Les nouveaux négriers, encouragés par les autorités de Khartoum, profitent de la rébellion du Sud Soudan pour réduire au silence le peuple dinka, animiste et chrétien.


C’était un jour de chaleur. Un vent du sud soufflait sur la savane. Les bêtes avaient soif et il fallait les accompagner à la source. Aluk avait pris la tête du troupeau de vaches efflanquées avec son petit frère Deng et ses camarades et ils avaient ri tous ensemble, ils avaient chanté sur la piste de latérite. Tous se donnaient du baume au coeur pour affronter les animaux du Bahr el Ghazal, province du Sud-Soudan.
Depuis longtemps, les parents d’Aluk lui avaient appris comment chasser le lion, comment éviter les éléphants, ceux qui dévastent les récoltes, ceux qui renversent les cases lors de grandes colères. Mais Aluk et ses trois camarades ne virent ce jour-là que des gazelles, légères comme l’air et bondissantes comme les cailloux en ricochet sur l’eau du fleuve, à un jour de marche d’ici. A dix ans, Aluk, un corps mince flottant dans une tunique beige trop large, des jambes longues et la démarche gracieuse d’une antilope, connaissait tout de la savane et de ses pièges, il était capable de dormir dehors, de manger peu pour survivre, de boire juste ce qu’il fallait lors des longues marches. Il connaissait les horizons de son village, Bac, avec ses huttes au toit de paille et aux murs de pisé, il connaissait les collines et les mares, les puits cachés et les bosquets d’arbres qui vous protègent du soleil soudanais à son midi.
Puis les gazelles se sont enfuies et tous les animaux ont disparu.
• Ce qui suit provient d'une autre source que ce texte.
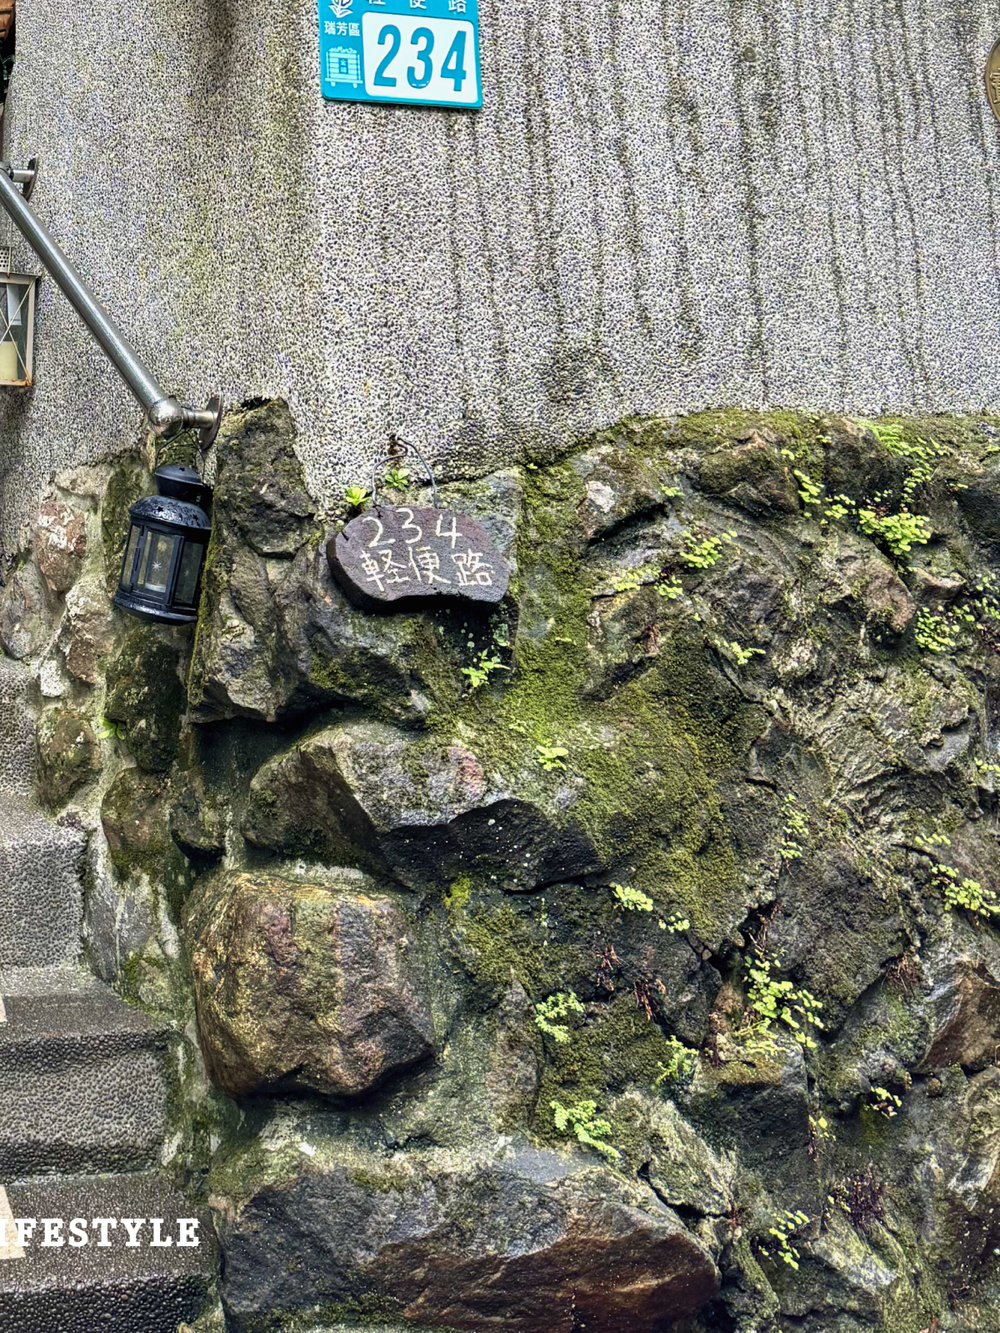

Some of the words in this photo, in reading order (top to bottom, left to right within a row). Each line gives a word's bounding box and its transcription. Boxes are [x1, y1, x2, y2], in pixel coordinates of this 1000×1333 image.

[324, 20, 360, 37] 瑞芳區
[373, 24, 467, 92] 234
[362, 508, 463, 549] 234
Aluk fut un peu étonné de ce grand remue-ménage, alors que d’habitude les gazelles ne sont guère effrayées par les garçons-vachers. Des fauves devaient sûrement traîner par-là.
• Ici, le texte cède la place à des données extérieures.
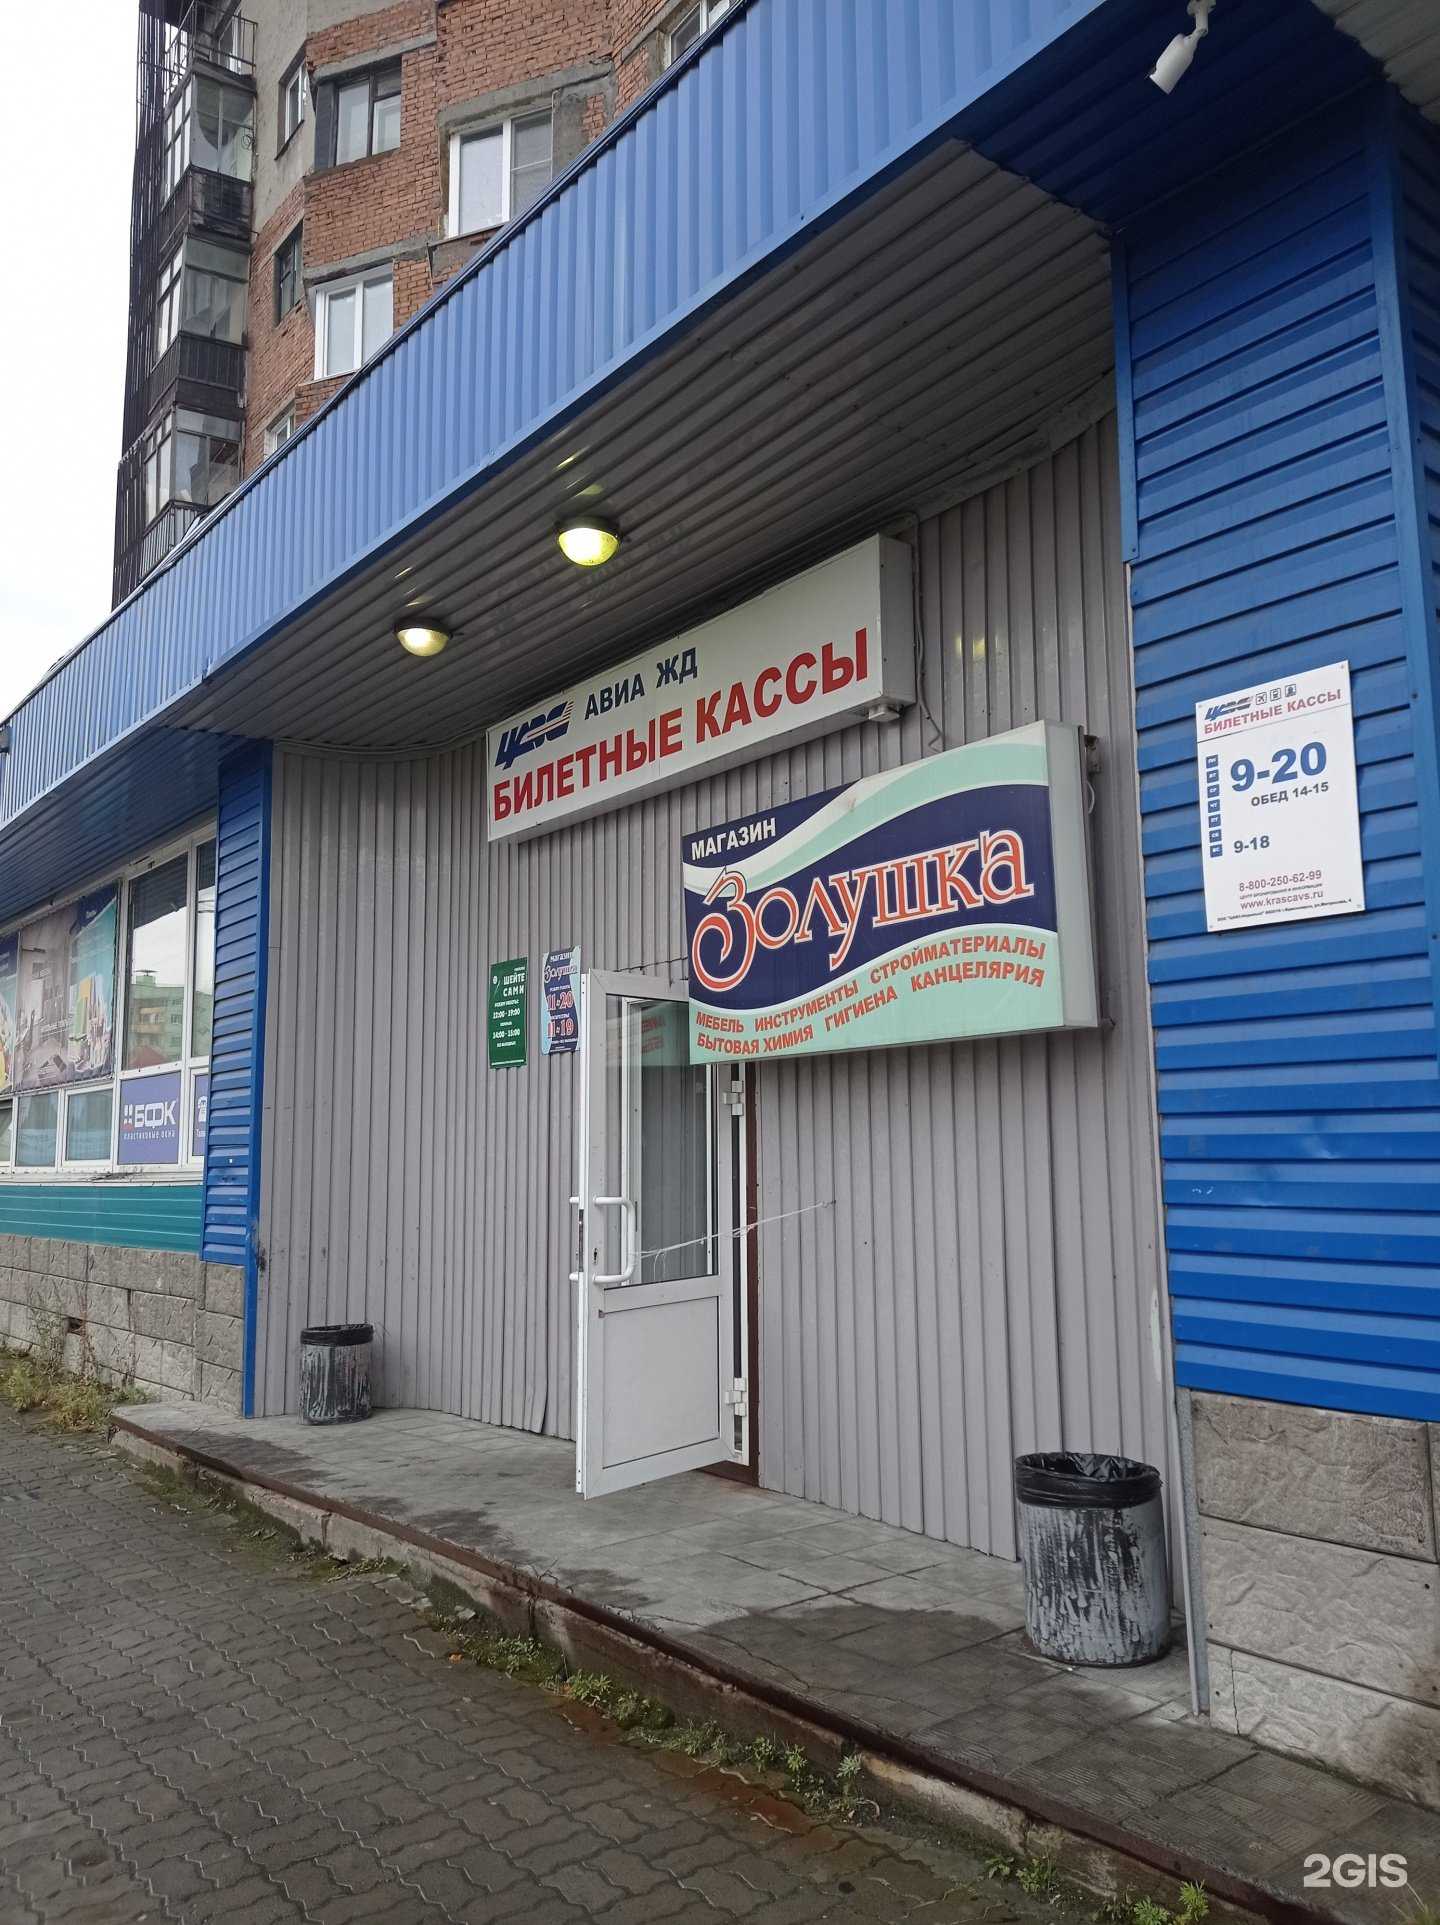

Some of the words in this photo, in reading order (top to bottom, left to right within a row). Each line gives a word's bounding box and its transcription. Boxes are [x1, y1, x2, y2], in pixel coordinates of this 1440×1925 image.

[585, 673, 645, 720] АВИА
[656, 647, 698, 689] ЖД
[494, 707, 683, 822] БИЛЕТНЫЕ
[696, 627, 869, 744] КАССЫ
[1204, 704, 1283, 734] БИЛЕТНЫЕ
[1287, 689, 1342, 713] КАССЫ
[1230, 741, 1327, 792] 9-20
[1251, 790, 1288, 807] ОБЕД
[1292, 782, 1329, 799] 14-15
[692, 818, 776, 860] МАГАЗИН
[1234, 835, 1270, 853] 9-18
[1239, 870, 1322, 892] 8-800-250-62-99
[1240, 890, 1324, 910] www.krascavs.ru
[692, 828, 1035, 992] Золушка
[503, 985, 525, 997] САМИ
[696, 1011, 744, 1033] МЕБЕЛЬ
[755, 979, 859, 1033] ИНСТРУМЕНТЫ
[870, 935, 1046, 985] СТРОЙМАТЕРИАЛЫ
[697, 1032, 759, 1055] БЫТОВАЯ
[763, 1023, 813, 1053] ХИМИЯ
[824, 985, 898, 1032] ГИГИЕНА
[911, 961, 1045, 993] КАНЦЕЛЯРИЯ
Alors il se rappela les gestes appris auprès de son père et de son grand-père. Surtout ne pas se placer sous le vent ou s’écarter des vaches, proies si faciles. Aluk n’a pratiquement jamais été à l’école. D’ailleurs, des écoles, il n’y en avait pas dans son village et il fallait marcher longtemps pour s’asseoir dans la classe la plus proche . Aluk rêvait pourtant d’user à nouveau sa tunique sur les bancs d’une petite maison, une cahute semblable à celle que lui avait décrite le grand-père, avec un maître qui enseignait des choses inconnues, la couleur de la mer, la blancheur de la montagne, là-bas, vers le Kenya et l’Éthiopie, les autres peuples. Mais la province et tout le Sud-Soudan sont en guerre contre le régime de Khartoum, une guerre oubliée malgré plus d’un million de morts. Voilà pourquoi il n’y a pas d’école, disait le grand-père, ou si peu.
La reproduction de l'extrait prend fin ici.